+++ Dataset records +++

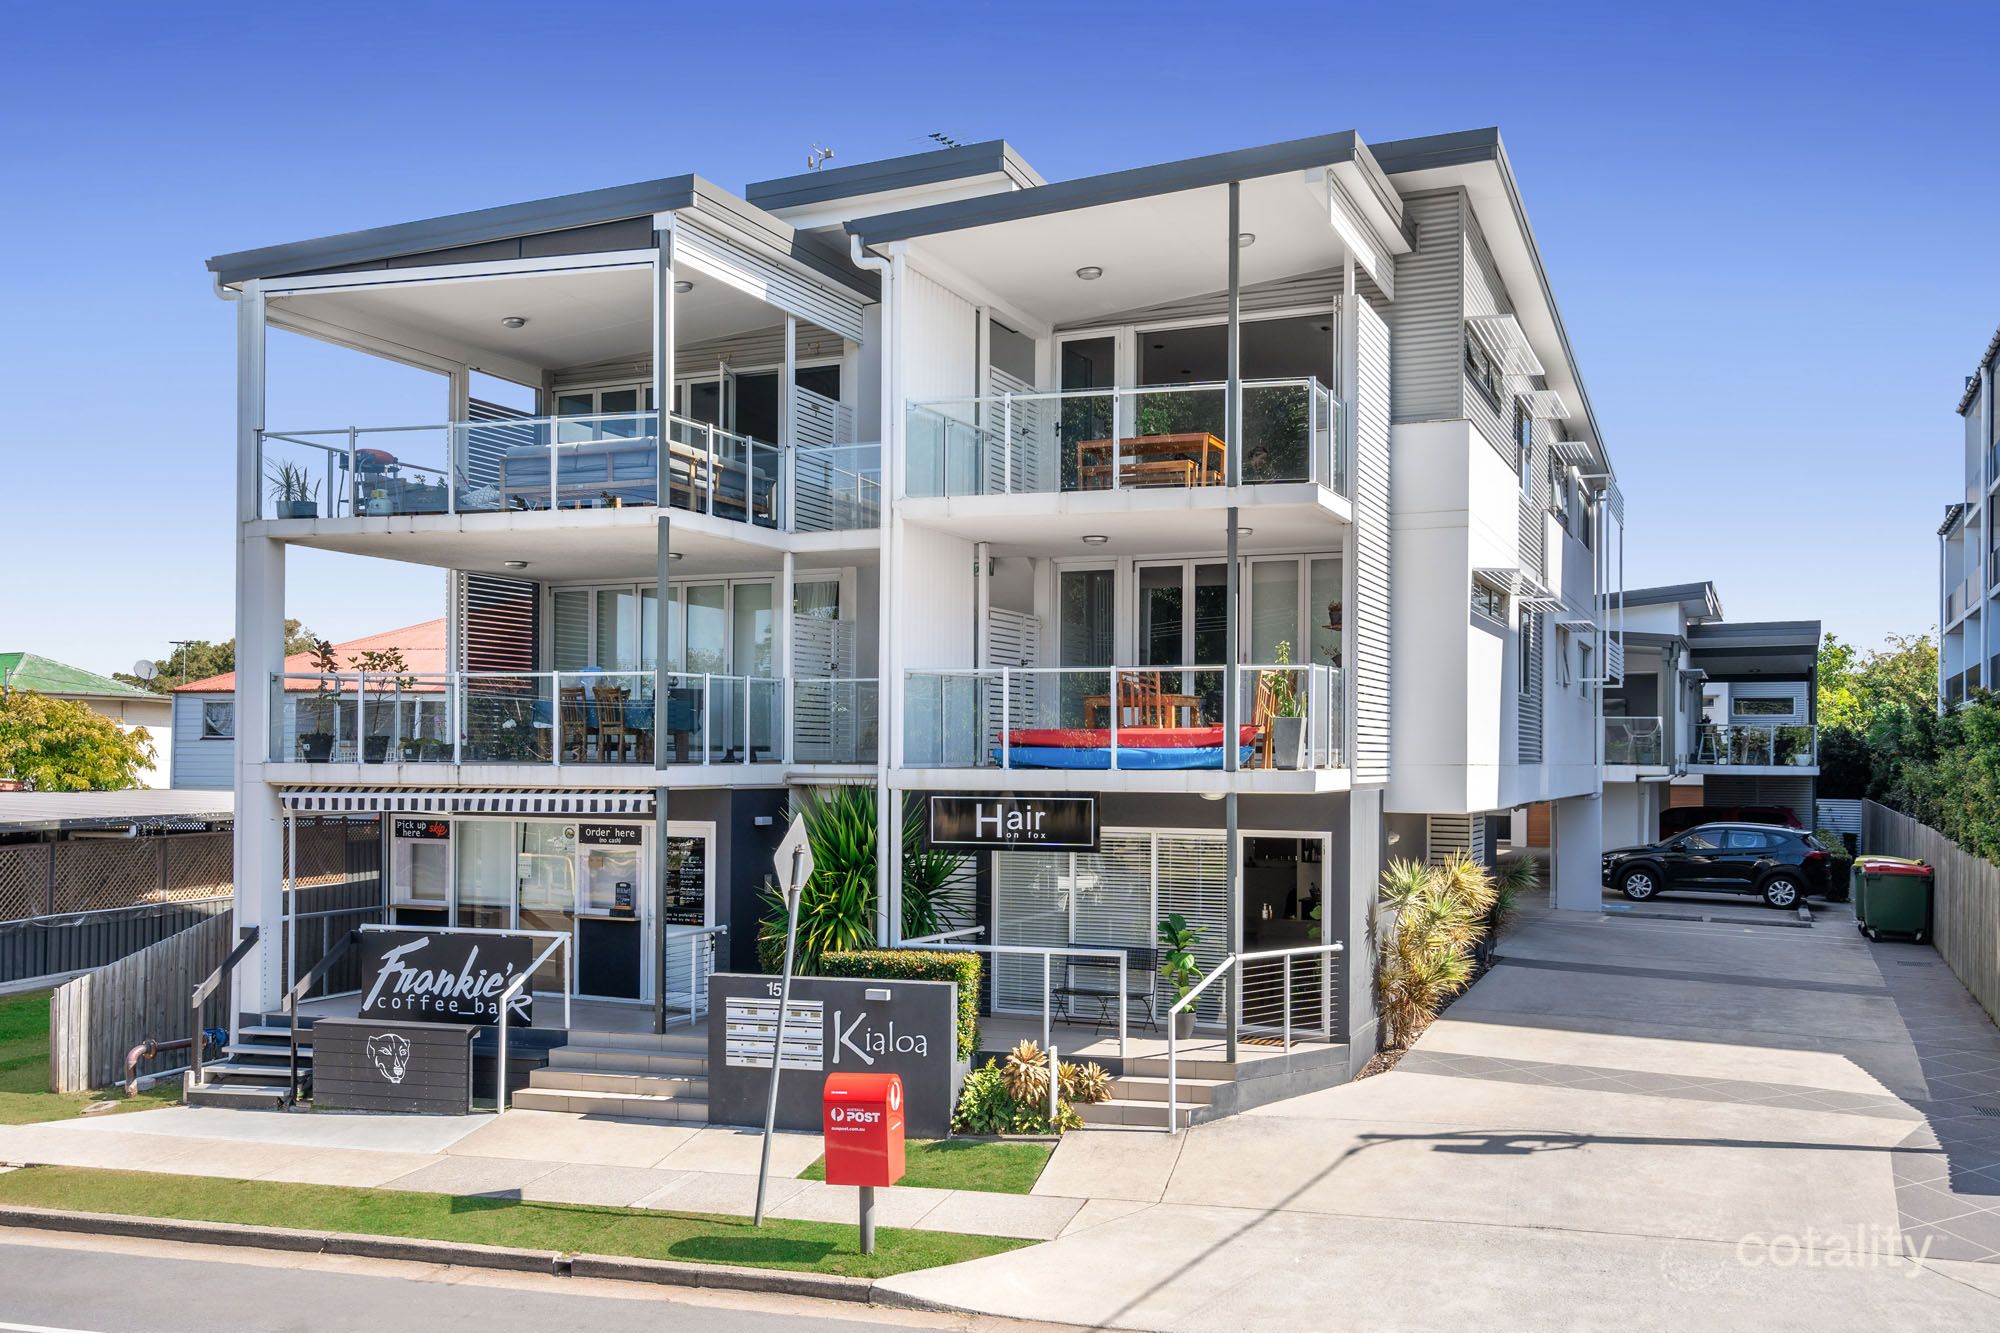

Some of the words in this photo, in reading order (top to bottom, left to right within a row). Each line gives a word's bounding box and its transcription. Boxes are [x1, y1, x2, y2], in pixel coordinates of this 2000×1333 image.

[397, 820, 414, 829] Pick
[417, 821, 427, 831] up
[975, 803, 1046, 838] Hair
[402, 829, 421, 837] here
[585, 827, 611, 837] Order
[615, 827, 635, 838] here
[1028, 831, 1046, 839] fox
[362, 936, 527, 1011] Frankie's
[766, 982, 782, 997] 15
[832, 1010, 928, 1066] Kialoa
[846, 1112, 880, 1123] POST

+++

> **Task item**
Could every entry above be printed again exactly, images excluded?

> **Reply**
Some of the words in this photo, in reading order (top to bottom, left to right within a row). Each line gives a word's bounding box and its transcription. Boxes are [x1, y1, x2, y2], in pixel coordinates of this 2000×1333 image.

[397, 820, 414, 829] Pick
[417, 821, 427, 831] up
[975, 803, 1046, 838] Hair
[402, 829, 421, 837] here
[585, 827, 611, 837] Order
[615, 827, 635, 838] here
[1028, 831, 1046, 839] fox
[362, 936, 527, 1011] Frankie's
[766, 982, 782, 997] 15
[832, 1010, 928, 1066] Kialoa
[846, 1112, 880, 1123] POST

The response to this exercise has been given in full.